Records of the Union draft as it affected Frederick County might have given helpful information but they are not available. "David Agnew was the local draft officer for Emmitsburg under the President’s call for troops in 1862" and probably had records of Emmitsburg men in service. However, William Mahoney, Commissioner of Enrollment and Draft for this county, was arrested by the Confederates [during the Antietam campaign in Sept. 18621 and the enrollment books destroyed." Under that 1862 call the county was asked for 259 more men to add to the total of 1019 it had already provided. Presumably, therefore, the records of at least 1,278 (and possibly their places of residence) became Confederate possessions and were later lost if not immediately destroyed. This was not actually a draft but a call for more volunteers. The first actual mandatory draft was riot instituted until July of 1863.

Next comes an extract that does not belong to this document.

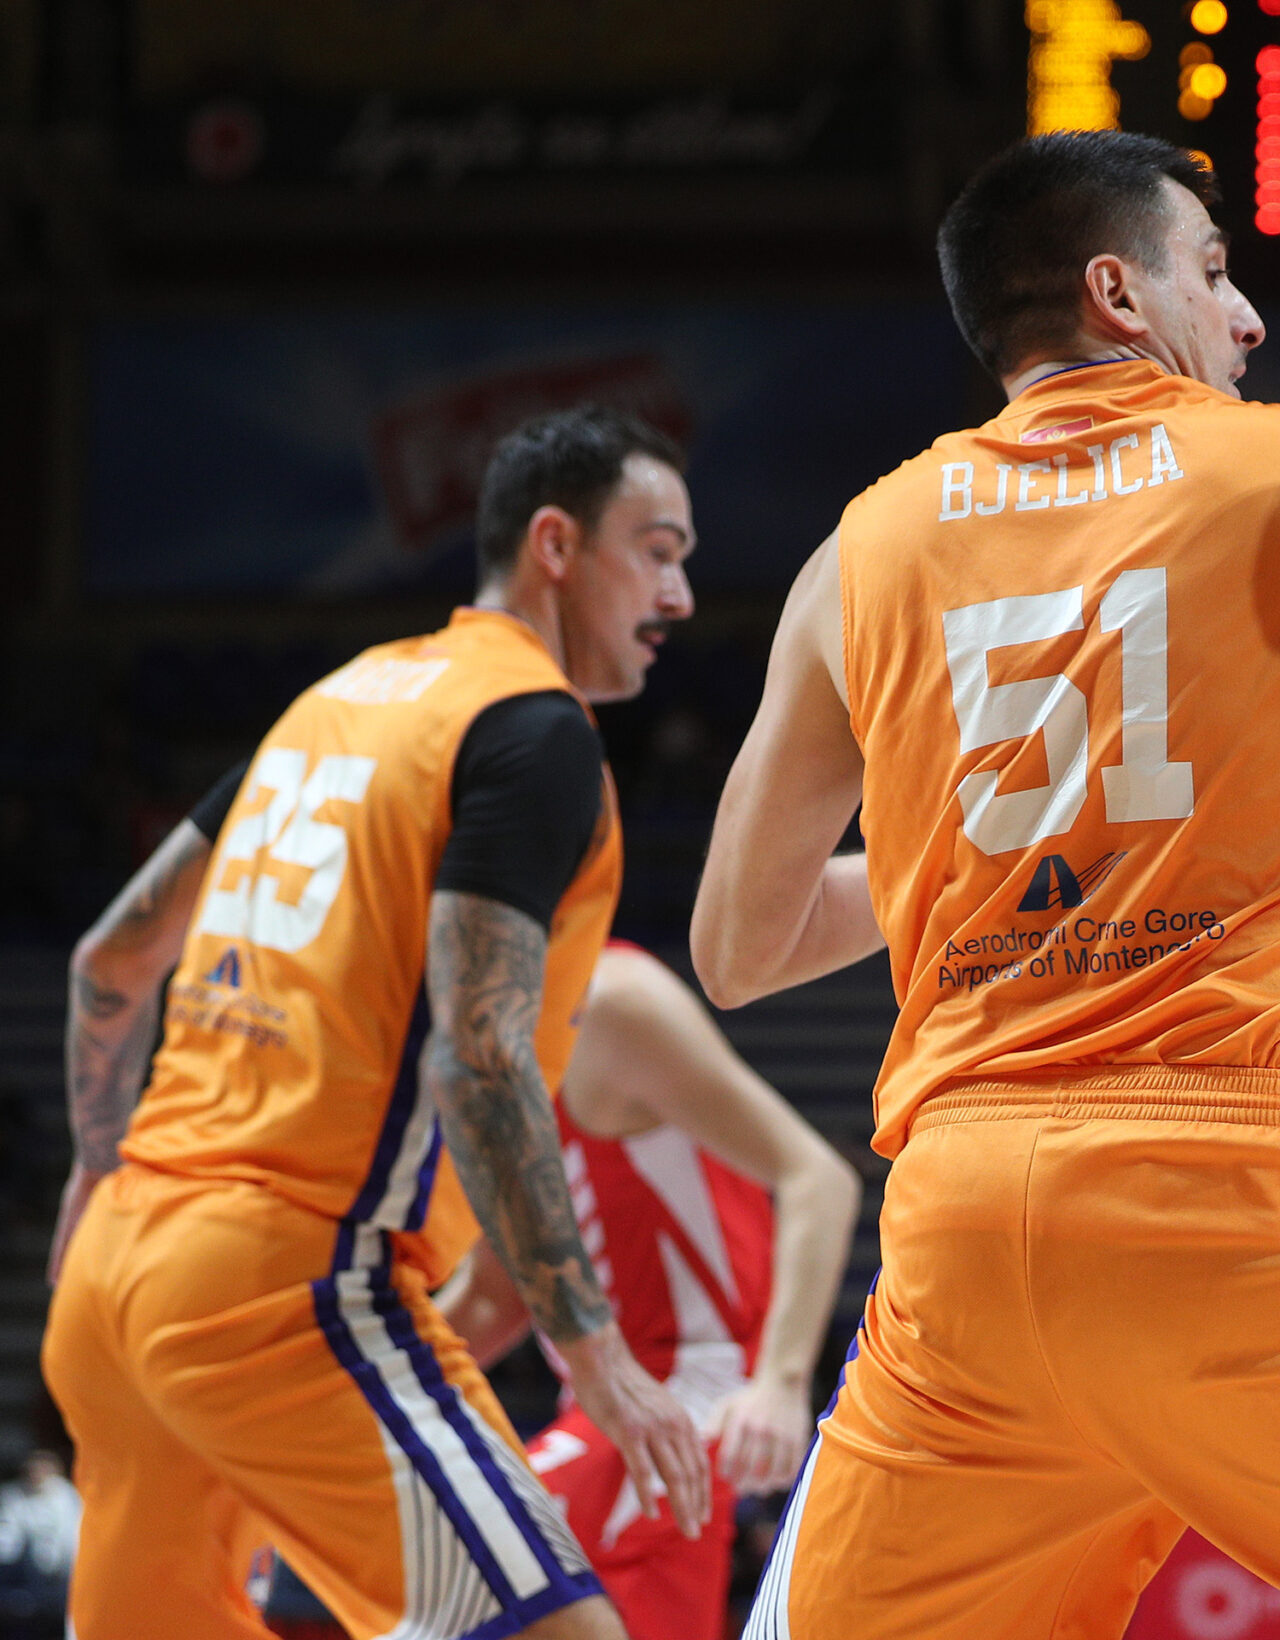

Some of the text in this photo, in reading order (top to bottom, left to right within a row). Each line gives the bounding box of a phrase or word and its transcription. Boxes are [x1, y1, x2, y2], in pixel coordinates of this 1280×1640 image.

A writer in The Story of the Mountain says "The people around Emmitsburg and in the town were very evenly divided at the outbreak of the War of 61. A company of volunteers marched off openly one day to strike for the Union cause; whilst others discovered that they had important business demanding immediate attention down in the direction of Dixie’s land. The latter went off without the aid of brass bands; and if any tears were shed at parting they rolled in secret. Too much guesswork is involved in any Confederate accounts for this writer to speculate about who, from Emmitsburg, might have fought for that army. Readers who may want to know if their ancestors fought with the Confederacy are referred to two sources where there are listed some names which sound as though they could be Emmitsburg related. They are "The Index to the Maryland Line, etc." published in Annapolis in 1944; and A Guide to Virginia Military Organizations, 1861, Richmond, 1964.

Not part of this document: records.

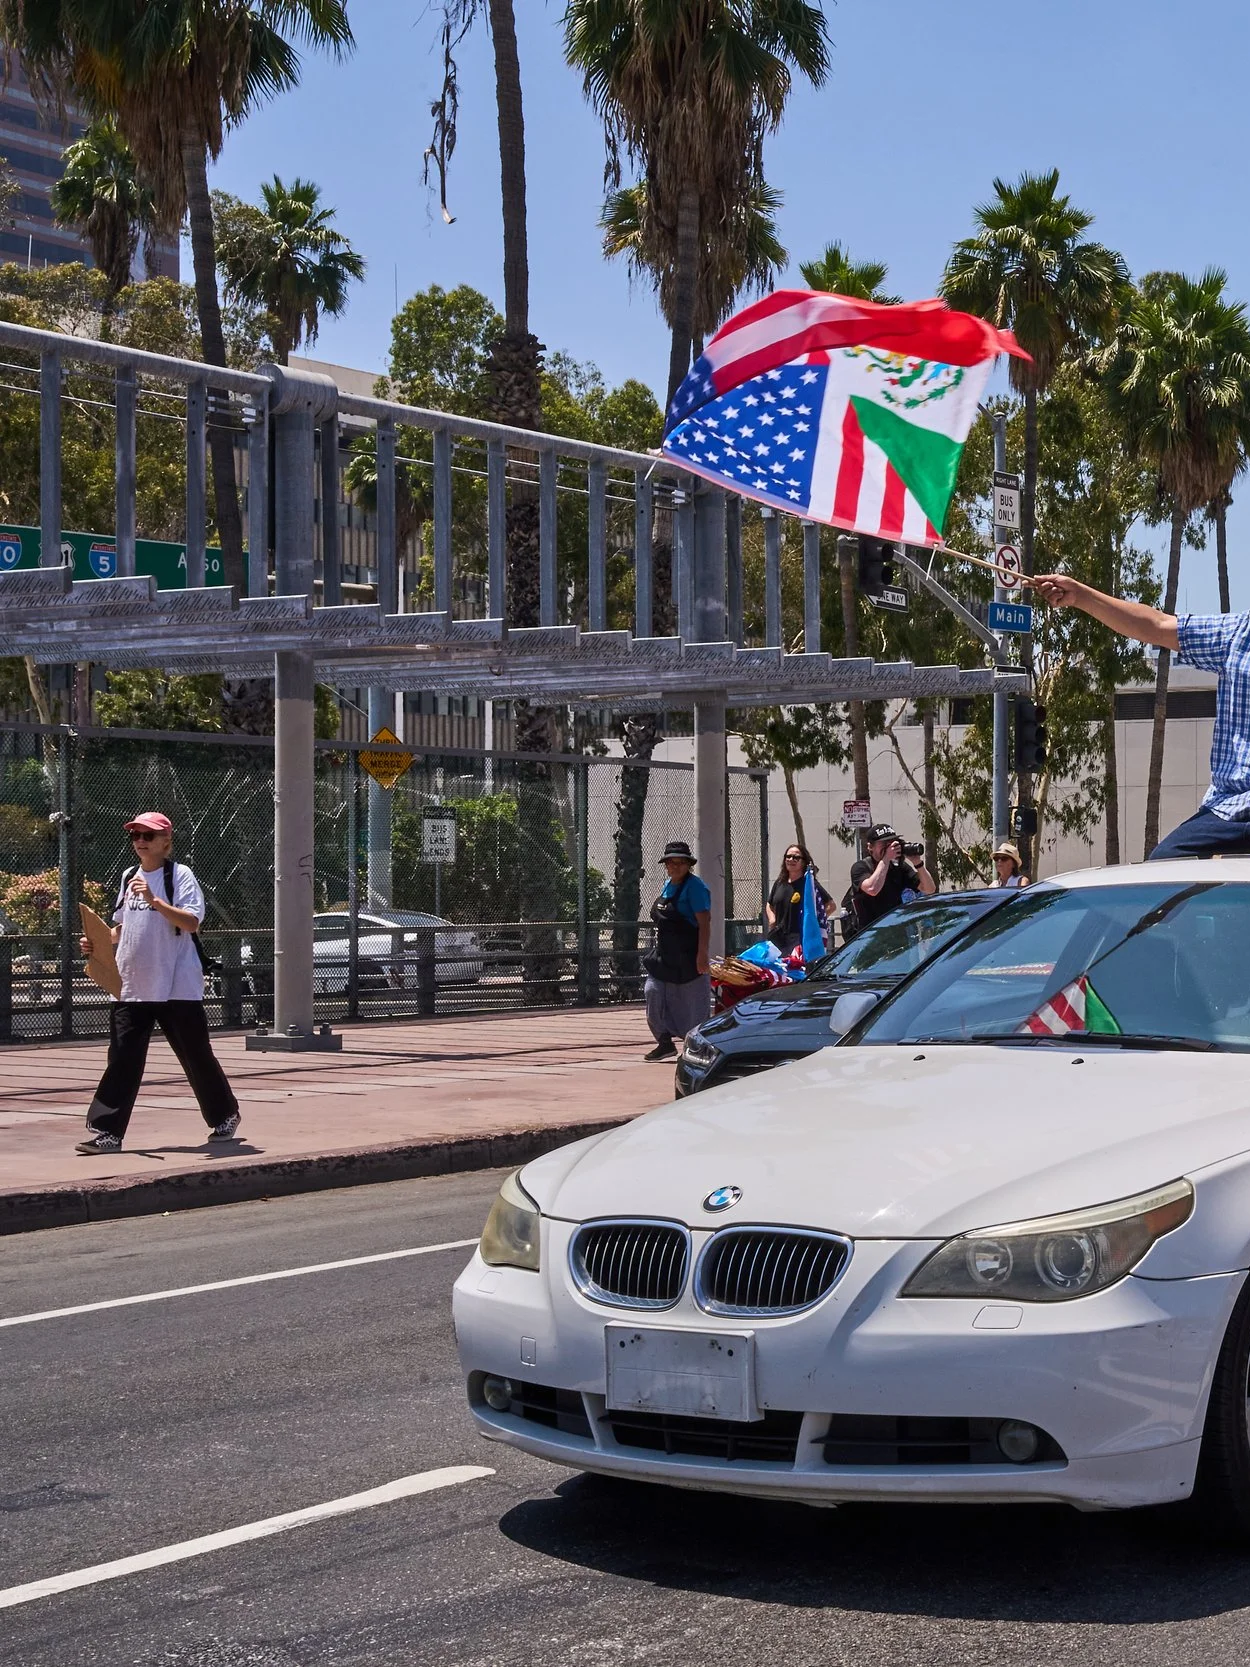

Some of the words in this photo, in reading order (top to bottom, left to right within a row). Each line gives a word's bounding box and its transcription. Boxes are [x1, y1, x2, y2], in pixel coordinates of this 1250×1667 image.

[996, 476, 1006, 485] RIGHT
[1007, 479, 1017, 487] LANE
[1000, 494, 1013, 507] BUS
[998, 509, 1015, 522] ONLY
[0, 546, 16, 563] 0
[99, 555, 111, 573] 5
[890, 594, 904, 605] WAY
[996, 607, 1025, 624] Main
[370, 760, 402, 769] MERGE
[431, 824, 448, 833] BUS
[430, 836, 450, 845] LANE

The History of Emmitsburg also lists a few Emmitsburgians who are buried in local cemeteries, but states nothing else. It identifies these: Major 0. A. Horner, IA. John M. Annan, Enos McDannels, Presbyterian; Isaac Heagy, Noah Koontz, Thadeus Maxell, Benjamin Cehrhart, Joseph Wills, John Shields, James Peoples, James Mcllhenny, Jeremiah Stranesbaugh, Lutheran; C. W. McPherson, Jacob Settlemyer, James Arnold, Peter Cook, Augustus Little, John Murphy, Theodore Cook, Jacob I. Topper, Nicholas Seltzer, Catholic; John Constant, Nathaniel Millsbury, John Rosensteel, Joseph Shorb, Henry Taylor, George Seiss, College; Jacob Reeves, John Spence, Philip Long, Mountain View; John Kipe, George Kipe, Sabillasville; Frederick Nindle, Fairfield; John Hunter, Gettysburg; Joseph Davidson, Rocky Ridge; Peter Glasser, Mt. Joy; Joseph Zech, Henry Gelwicks, Joseph Coombs, Andersonville; Emory Gilson, died in prison; Newton Gilson, killed in battle.’ To this list, the writer can add one more name. It is that of James J. Hospelhorn, the town’s last surviving Civil War soldier, whose obituary the author wrote for The Emmitsburg Chronicle as a youngster. He was buried in the Lutheran Cemetery as a squad of riflemen from the Francis N. Elder Post of the Emmitsburg American Legion fired a final salute over his grave.